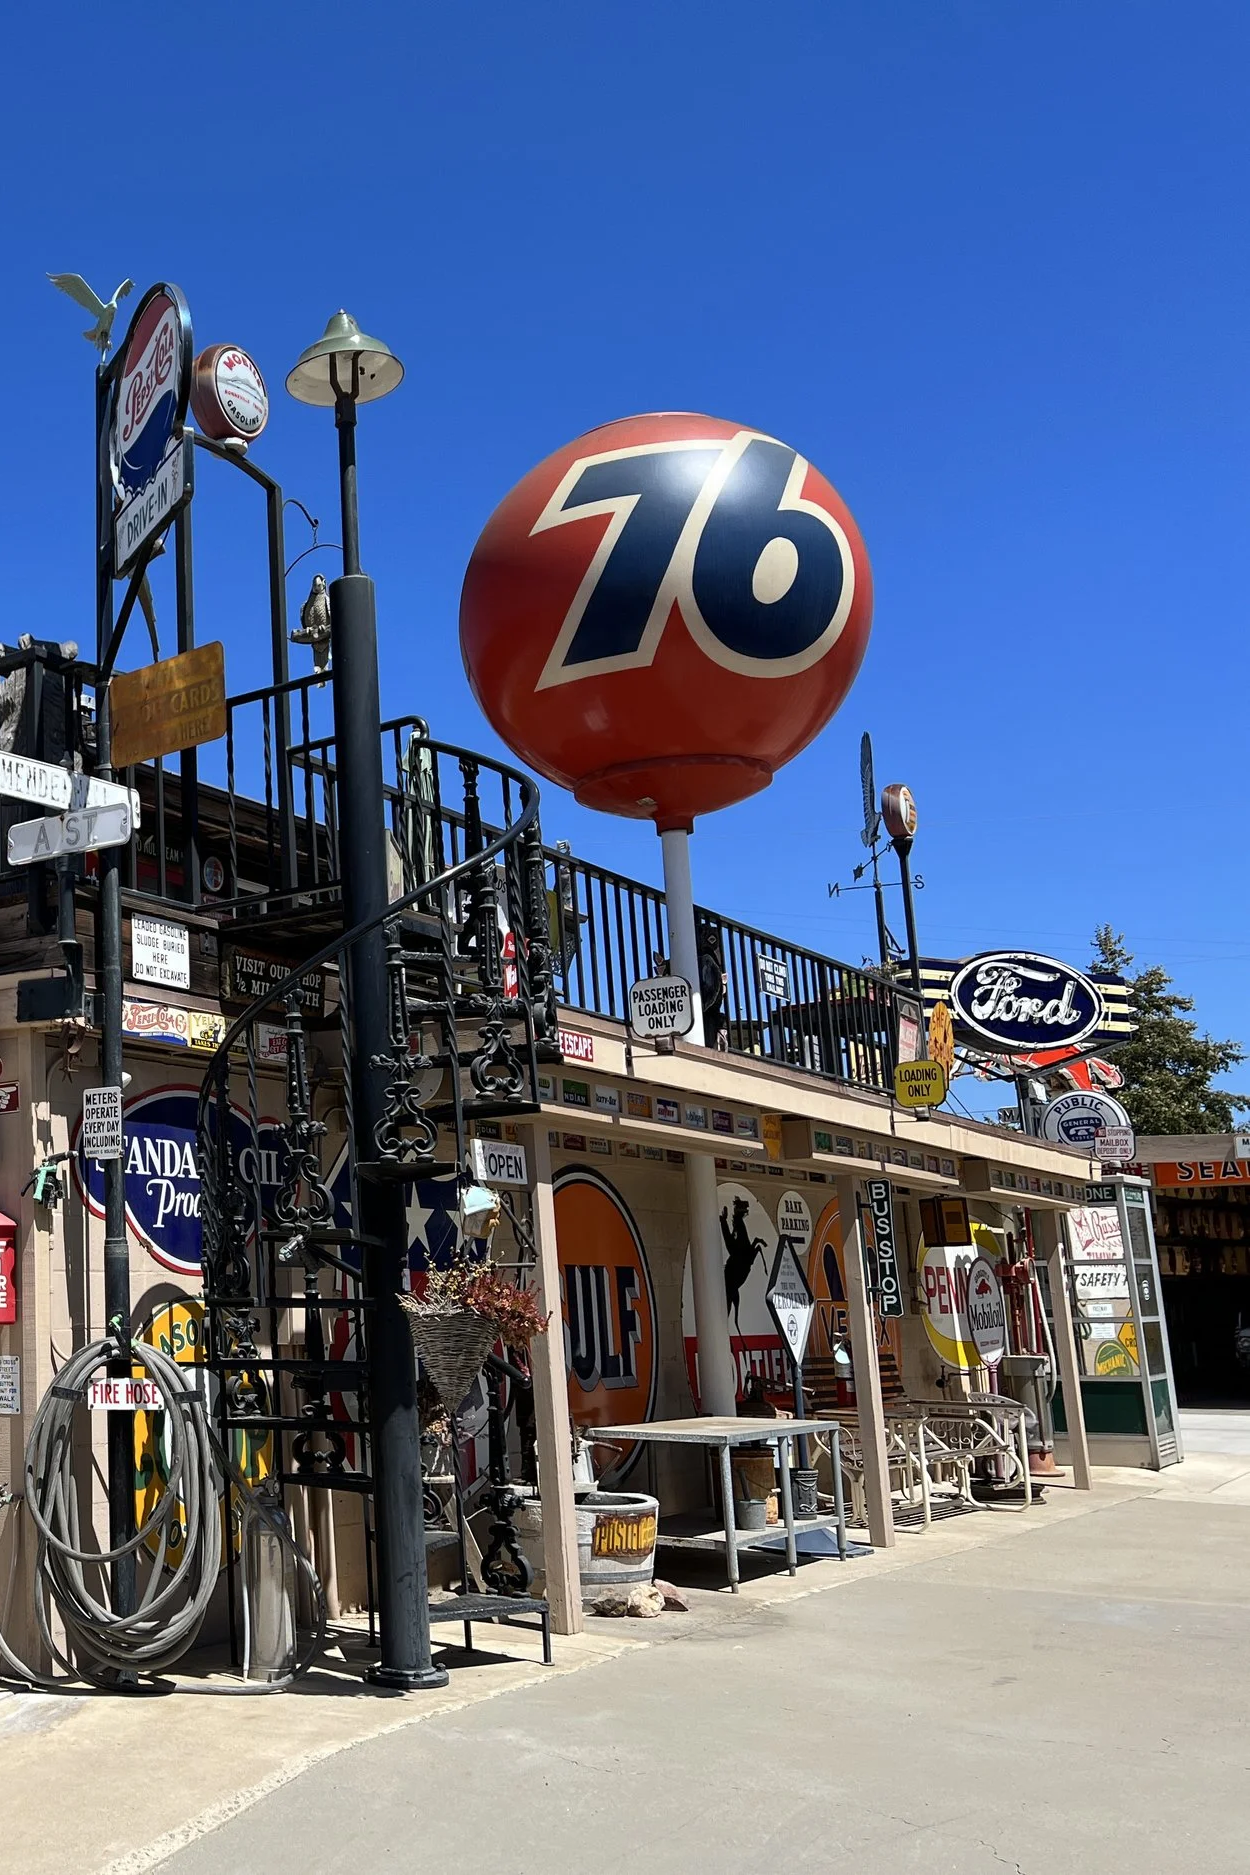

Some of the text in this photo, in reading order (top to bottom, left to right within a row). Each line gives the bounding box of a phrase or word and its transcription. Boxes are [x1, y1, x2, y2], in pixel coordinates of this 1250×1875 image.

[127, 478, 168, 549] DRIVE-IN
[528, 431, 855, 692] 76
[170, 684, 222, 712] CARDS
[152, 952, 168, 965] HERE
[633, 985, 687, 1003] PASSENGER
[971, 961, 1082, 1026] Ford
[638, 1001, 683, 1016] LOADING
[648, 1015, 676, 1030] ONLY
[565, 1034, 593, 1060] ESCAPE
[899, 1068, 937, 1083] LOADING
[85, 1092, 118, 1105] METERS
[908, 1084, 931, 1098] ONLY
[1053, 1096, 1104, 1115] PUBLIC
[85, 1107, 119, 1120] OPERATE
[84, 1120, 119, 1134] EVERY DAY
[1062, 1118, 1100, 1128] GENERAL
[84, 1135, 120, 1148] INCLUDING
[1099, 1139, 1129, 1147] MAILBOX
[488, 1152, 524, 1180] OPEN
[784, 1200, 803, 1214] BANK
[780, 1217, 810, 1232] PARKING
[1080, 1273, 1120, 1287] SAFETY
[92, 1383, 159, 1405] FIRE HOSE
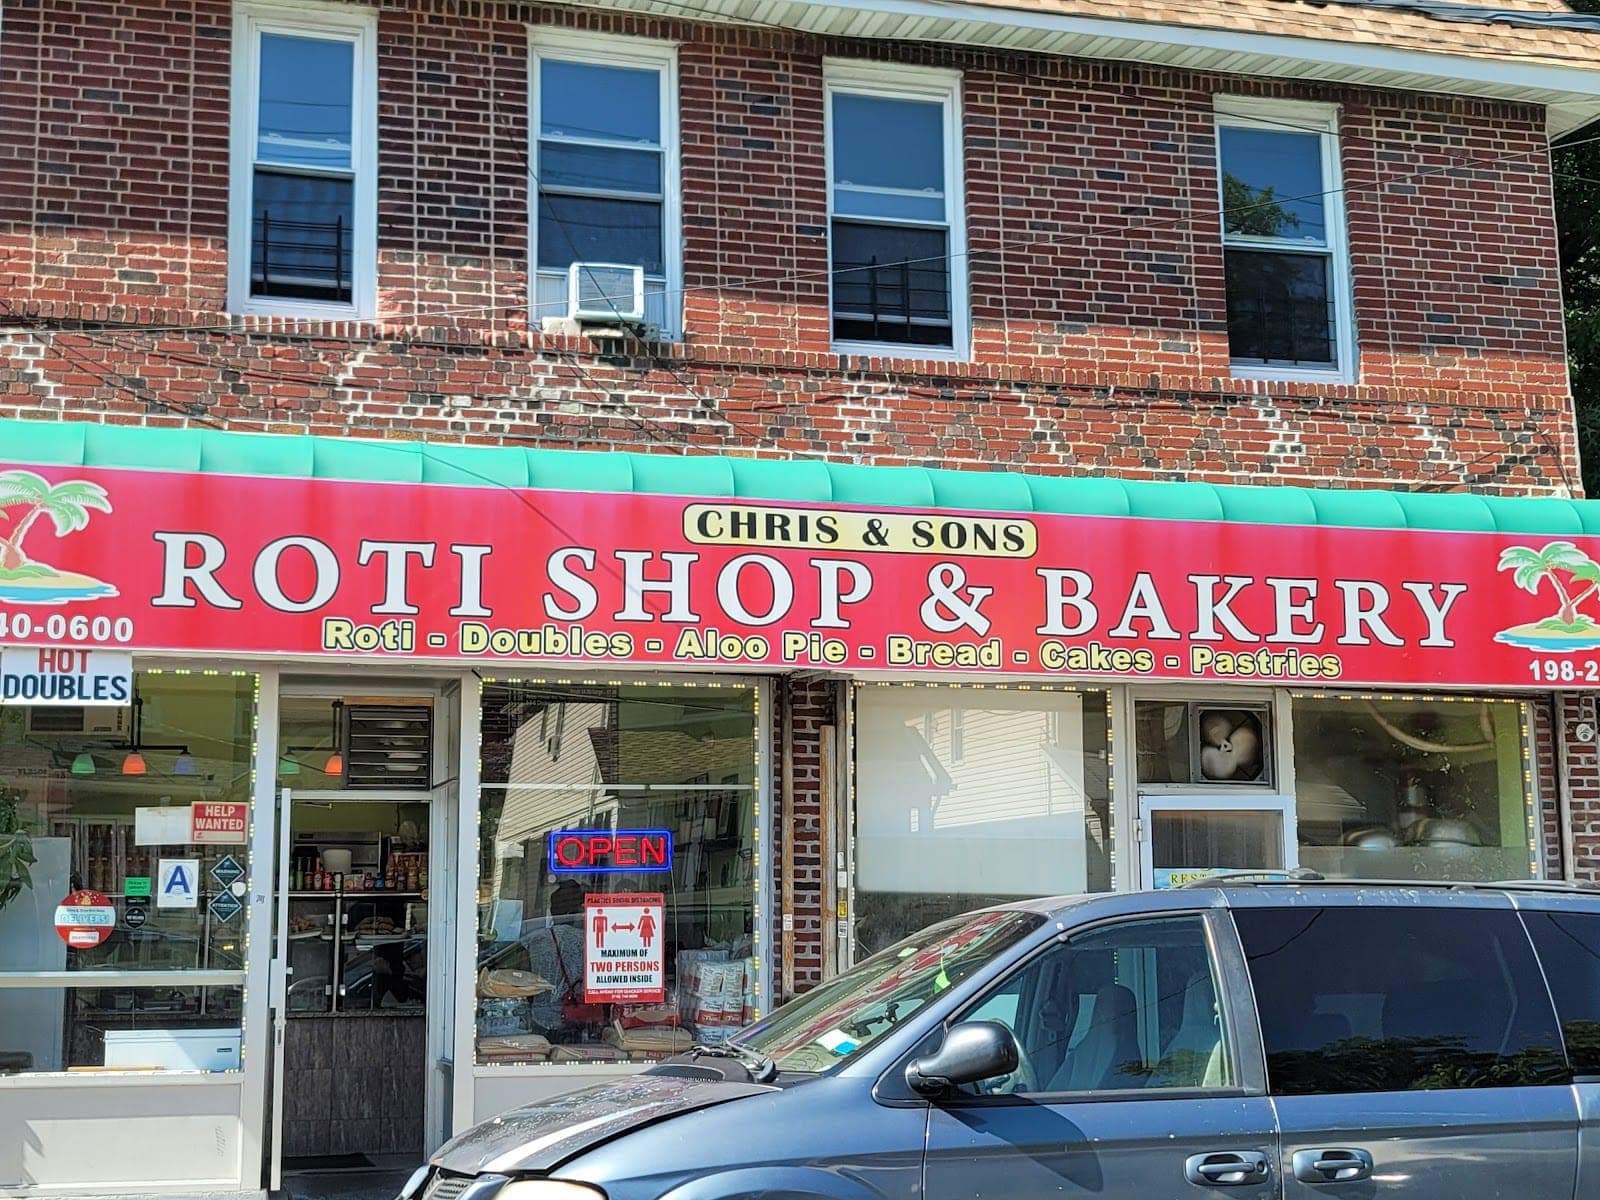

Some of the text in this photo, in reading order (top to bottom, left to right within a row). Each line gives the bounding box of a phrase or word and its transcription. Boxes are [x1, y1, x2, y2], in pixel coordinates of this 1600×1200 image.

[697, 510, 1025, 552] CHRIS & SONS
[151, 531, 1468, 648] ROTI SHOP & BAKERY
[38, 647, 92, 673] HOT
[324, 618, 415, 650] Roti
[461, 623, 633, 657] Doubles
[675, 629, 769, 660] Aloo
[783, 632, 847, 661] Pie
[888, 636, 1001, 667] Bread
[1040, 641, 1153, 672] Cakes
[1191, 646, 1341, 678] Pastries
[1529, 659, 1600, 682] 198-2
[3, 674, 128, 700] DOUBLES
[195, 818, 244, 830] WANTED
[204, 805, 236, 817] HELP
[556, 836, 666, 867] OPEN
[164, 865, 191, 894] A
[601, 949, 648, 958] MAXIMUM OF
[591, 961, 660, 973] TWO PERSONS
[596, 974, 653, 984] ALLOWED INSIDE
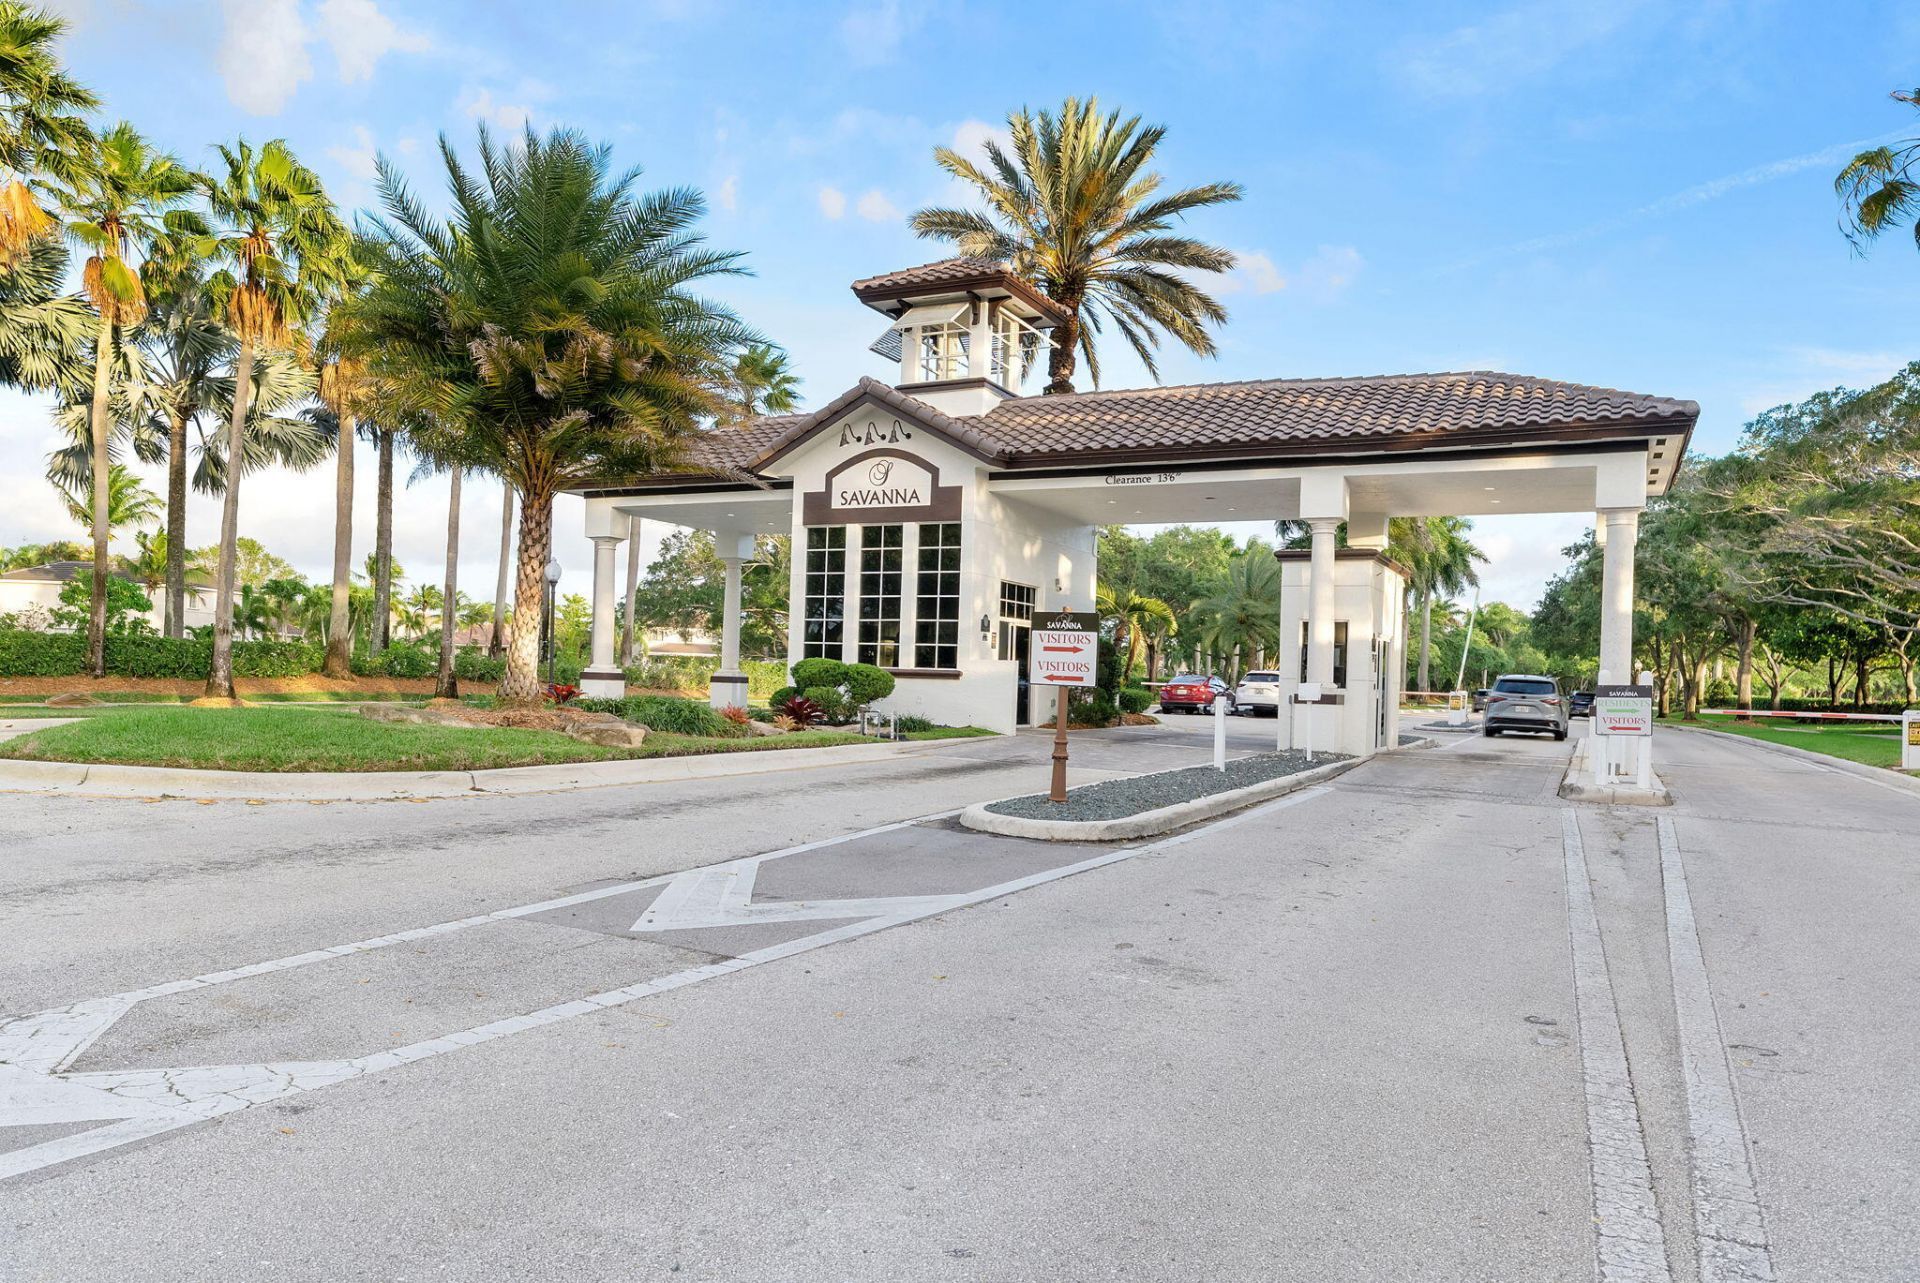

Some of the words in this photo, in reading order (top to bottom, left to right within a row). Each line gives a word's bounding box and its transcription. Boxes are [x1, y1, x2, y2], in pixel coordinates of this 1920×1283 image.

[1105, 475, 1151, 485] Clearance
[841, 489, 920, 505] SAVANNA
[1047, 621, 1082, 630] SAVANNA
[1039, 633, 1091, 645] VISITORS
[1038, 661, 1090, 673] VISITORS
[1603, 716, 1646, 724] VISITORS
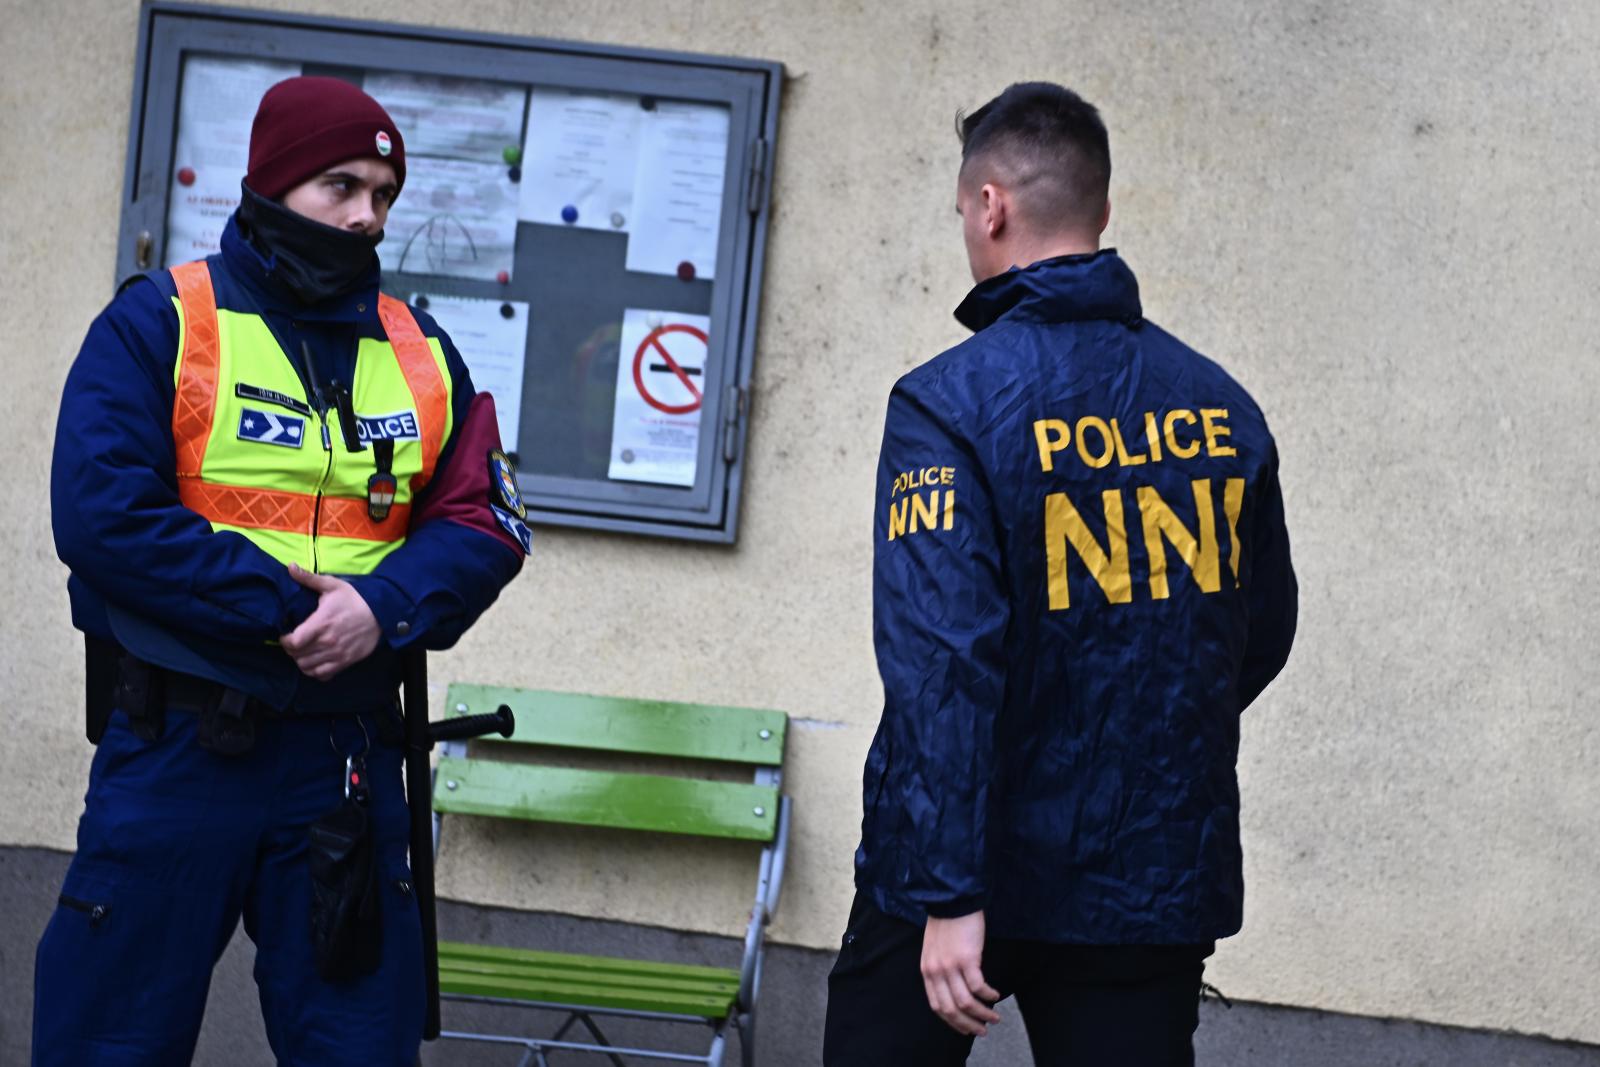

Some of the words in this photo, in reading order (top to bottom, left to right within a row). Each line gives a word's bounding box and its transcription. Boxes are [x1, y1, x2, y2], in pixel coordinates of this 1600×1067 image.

= WORK TO BE COMPLETED =
Start at the top line above and repeat the records verbatim, leaving images out.

= EXERCISE ANSWER =
Some of the text in this photo, in reading order (top to bottom, left to right within a row). Each line gives the bounding box of a phrase or word and its transcription. Boxes are [x1, y1, x2, y2], in pixel coordinates of this 1250×1875 image.

[127, 478, 168, 549] DRIVE-IN
[528, 431, 855, 692] 76
[170, 684, 222, 712] CARDS
[152, 952, 168, 965] HERE
[633, 985, 687, 1003] PASSENGER
[971, 961, 1082, 1026] Ford
[638, 1001, 683, 1016] LOADING
[648, 1015, 676, 1030] ONLY
[565, 1034, 593, 1060] ESCAPE
[899, 1068, 937, 1083] LOADING
[85, 1092, 118, 1105] METERS
[908, 1084, 931, 1098] ONLY
[1053, 1096, 1104, 1115] PUBLIC
[85, 1107, 119, 1120] OPERATE
[84, 1120, 119, 1134] EVERY DAY
[1062, 1118, 1100, 1128] GENERAL
[84, 1135, 120, 1148] INCLUDING
[1099, 1139, 1129, 1147] MAILBOX
[488, 1152, 524, 1180] OPEN
[784, 1200, 803, 1214] BANK
[780, 1217, 810, 1232] PARKING
[1080, 1273, 1120, 1287] SAFETY
[92, 1383, 159, 1405] FIRE HOSE

Some of the text in this photo, in reading order (top to bottom, left to right within a row). Each line gives the bounding box of a phrase or word and its transcription. Boxes are [x1, y1, x2, y2], in pixel coordinates of this 1600×1200 image.

[697, 510, 1025, 552] CHRIS & SONS
[151, 531, 1468, 648] ROTI SHOP & BAKERY
[38, 647, 92, 673] HOT
[324, 618, 415, 650] Roti
[461, 623, 633, 657] Doubles
[675, 629, 769, 660] Aloo
[783, 632, 847, 661] Pie
[888, 636, 1001, 667] Bread
[1040, 641, 1153, 672] Cakes
[1191, 646, 1341, 678] Pastries
[1529, 659, 1600, 682] 198-2
[3, 674, 128, 700] DOUBLES
[195, 818, 244, 830] WANTED
[204, 805, 236, 817] HELP
[556, 836, 666, 867] OPEN
[164, 865, 191, 894] A
[601, 949, 648, 958] MAXIMUM OF
[591, 961, 660, 973] TWO PERSONS
[596, 974, 653, 984] ALLOWED INSIDE

Some of the words in this photo, in reading order (top to bottom, left to right within a row). Each line gives a word's bounding box and its transcription. Boxes are [x1, y1, x2, y2], in pixel coordinates of this 1920×1283 image.

[1105, 475, 1151, 485] Clearance
[841, 489, 920, 505] SAVANNA
[1047, 621, 1082, 630] SAVANNA
[1039, 633, 1091, 645] VISITORS
[1038, 661, 1090, 673] VISITORS
[1603, 716, 1646, 724] VISITORS

Some of the words in this photo, in reading order (top to bottom, left to right within a row). Each line gives a word's bounding box and its transcription. Boxes are [x1, y1, x2, y2], in pixel coordinates of this 1600×1067 image.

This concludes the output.